Another important decision for the model structure is choosing the weighting structure between regression points and observations. This study uses an adaptive Gaussian kernel type, which is the most flexible method. Adaptive kernels choose the optimum kernel for each regression window based on minimizing the AIC ( 13 ). Moreover, it is shown by Bidanset and Lombard that the Gaussian kernel weights the observations better than its rival bi-square kernel in the context of real estate modeling, and it produces a model with better goodness of fit ( 37 ).

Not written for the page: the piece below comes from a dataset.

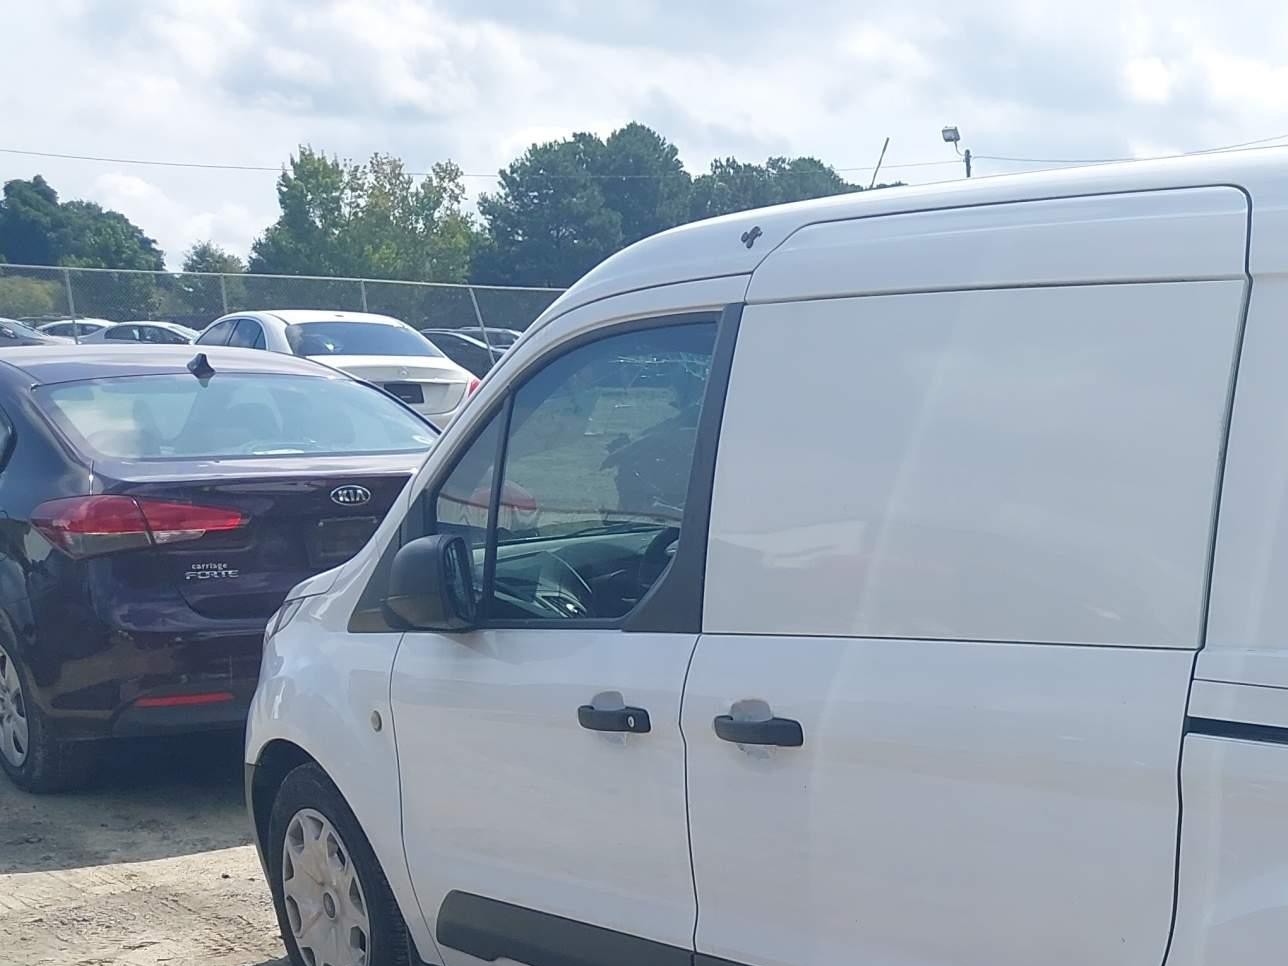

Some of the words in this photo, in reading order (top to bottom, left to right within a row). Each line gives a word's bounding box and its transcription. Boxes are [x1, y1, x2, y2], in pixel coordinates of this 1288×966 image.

[337, 488, 367, 503] KIA
[191, 562, 228, 571] carriage
[184, 569, 240, 580] FORTE

We consider two aspects of the MGWR model: (1) the effect of sample size on the variation of individual parameters and (2) the predictive ability of the MGWR model. In the first instance, most studies do not have access to population data and follow the assumption of the Law of Large Numbers that sample results are representative of the population. In a traditional linear model, increasing the sample size will asymptotically reduce parameters’ standard errors. However, additional observations raise the number of regression points (individual effect models) with GWR, and the model does not necessarily obey asymptotic properties. In the second instance, GWR is usually applied to descriptive analysis in the literature. Given our access to the full population, we can estimate the model with a random sample and validate the model with several random samples.
Data Preparation Process
Real Estate Data Collection
The timeline of our dataset is from March 17, 2019, to March 16, 2020 (one year before Ontario entered the state of emergency) and March 17, 2020, to March 16, 2021 (a year during the COVID-19 pandemic). For 298 days through the first year of the pandemic, more than any other major city in the world ( 38 ), Toronto has been in various stages of the lockdown phase. For both time periods, this article uses combined real estate data from the Toronto Regional Real Estate Board (TRREB) and Information Technology Systems Ontario (ITSO) to acquire all transactions in the GTHA. After excluding incomplete entries, the sample size for the year before the pandemic the first year during the pandemic consists of 93,966 and 96,513 records, respectively. To the best of our knowledge, this is among the first studies to model disaggregate residential property prices at the population level. Variables included in the dataset are real estate-related variables, including; dwelling types, house area, construction type, front exposure, number of bedrooms, washrooms, parking spots, and maintenance fees and property tax.
Adding Transportation Accessibility Measurements Using Enhanced Points of Interest
We have used two other data sources to add the accessibility measurements to the property price dataset: (1) Open-source General Transit Feed Specification (GTFS) to identify a property’s access to public transit, and (2) enhanced points of interest from DMTI Spatial Inc. for 2019 ( 39 ) to acquire amenities around the residential properties. Then, using Geographical Information System processing, the isochrones-based accessibility measures are computed to count the number of opportunities within certain distances of each sold property. It is worth acknowledging that isochrones-based accessibility measures are one of the simpler methods for accessibility measurements ( 40 ). However, this is the limitation inherent in the nature of this study as land price data lack information on the household who purchase the property, which restricts the use of more complicated attraction-based and utility-based measurements.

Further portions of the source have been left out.